---- Data excerpts

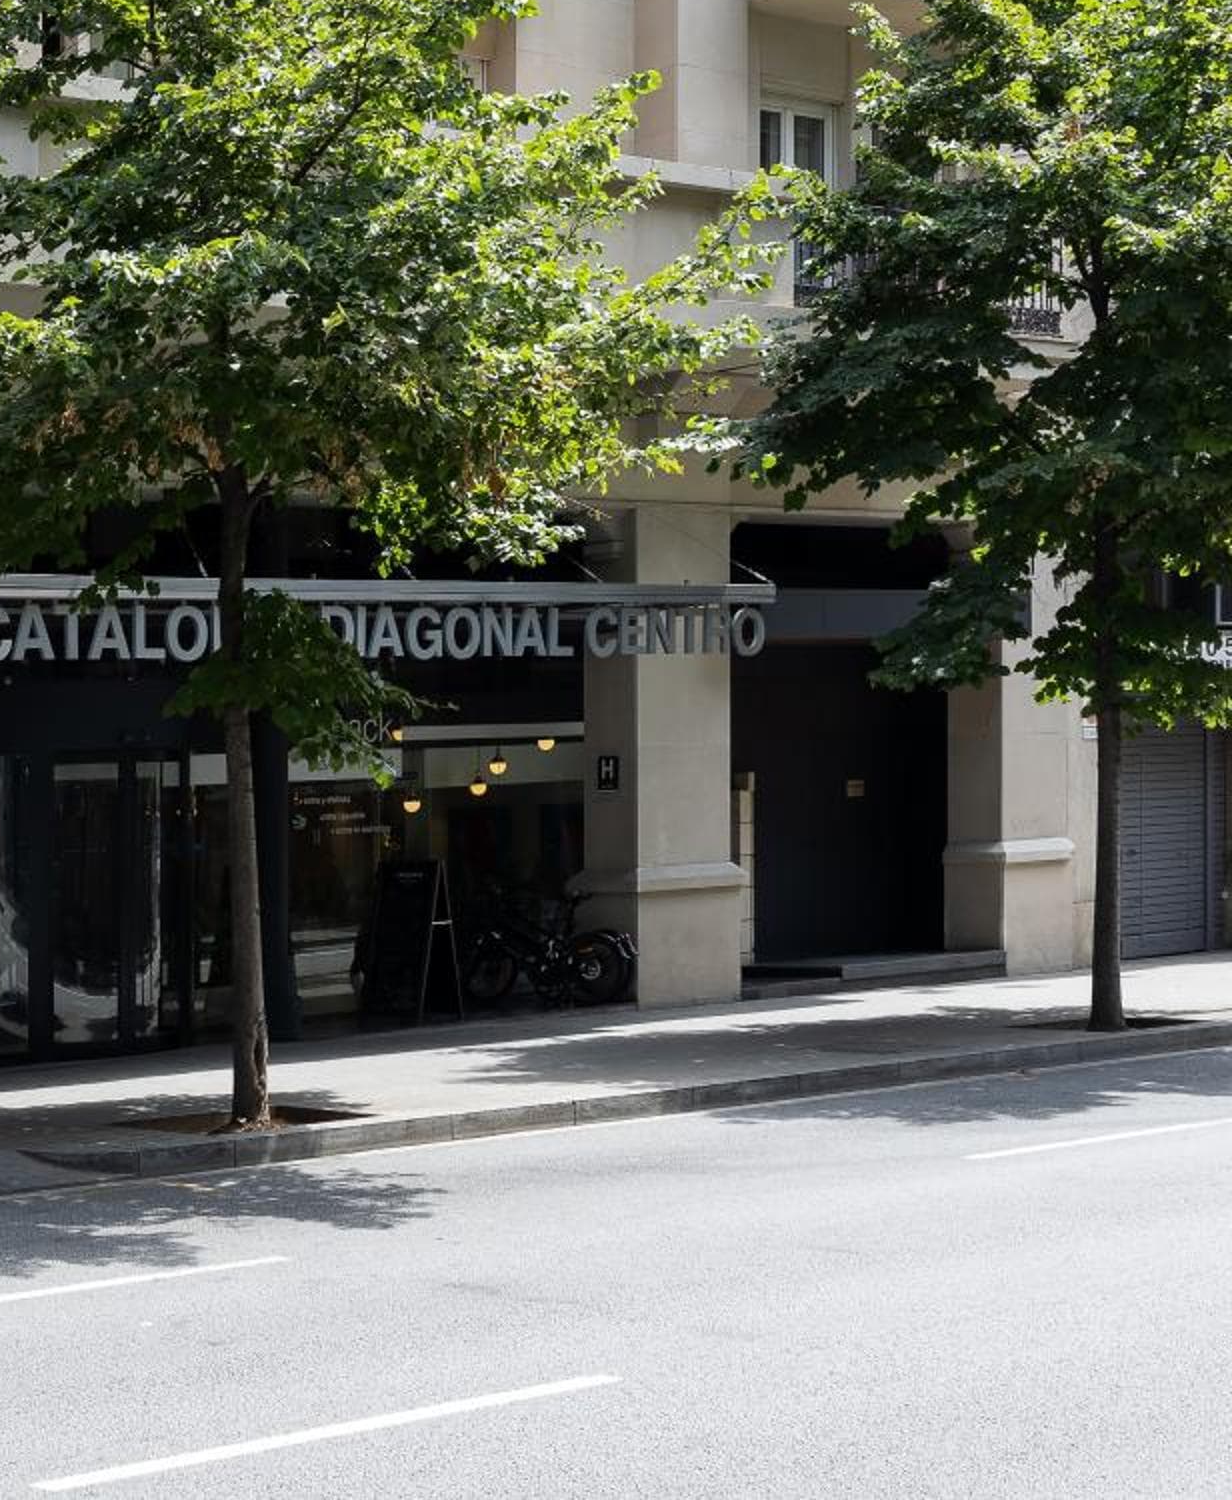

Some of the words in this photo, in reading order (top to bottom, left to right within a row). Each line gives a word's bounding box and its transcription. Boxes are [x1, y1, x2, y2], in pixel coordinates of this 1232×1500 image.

[320, 605, 574, 660] DIAGONAL
[585, 605, 766, 658] CENTRO
[600, 757, 614, 780] H
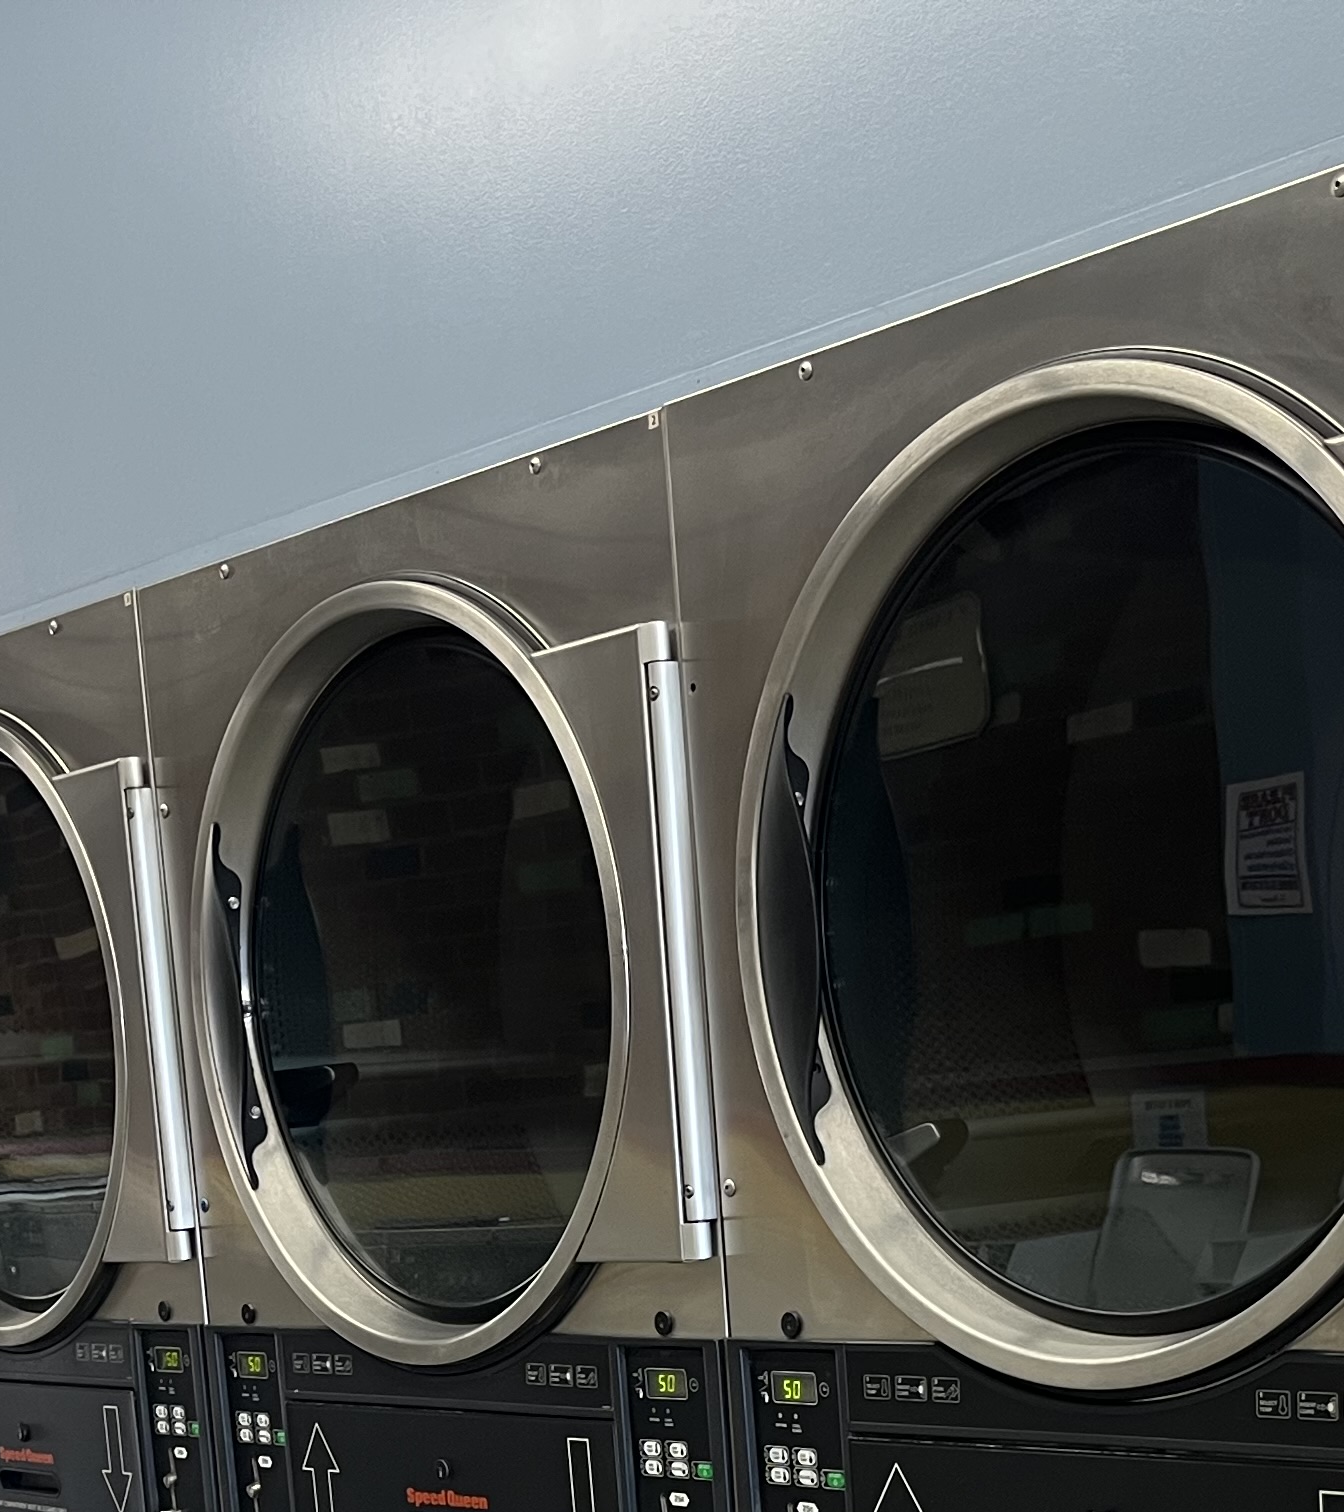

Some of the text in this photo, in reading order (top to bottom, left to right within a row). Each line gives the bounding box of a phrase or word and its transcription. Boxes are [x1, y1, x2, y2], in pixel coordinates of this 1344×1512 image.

--------

- [Exercise prompt]:
The response must repeat all the lines above exactly and include no pictures.

- [Answer for this exercise]:
Some of the words in this photo, in reading order (top to bottom, left to right within a row). Each line gives a word's bounding box and its transcription. Boxes are [x1, y1, x2, y2], in pixel coordinates of this 1232×1500 image.

[320, 605, 574, 660] DIAGONAL
[585, 605, 766, 658] CENTRO
[600, 757, 614, 780] H

Some of the text in this photo, in reading order (top to bottom, left to right within a row). Each line gives the bounding box of a phrase or word and its transcription. Boxes are [x1, y1, x2, y2], in pixel coordinates of this 1344×1512 image.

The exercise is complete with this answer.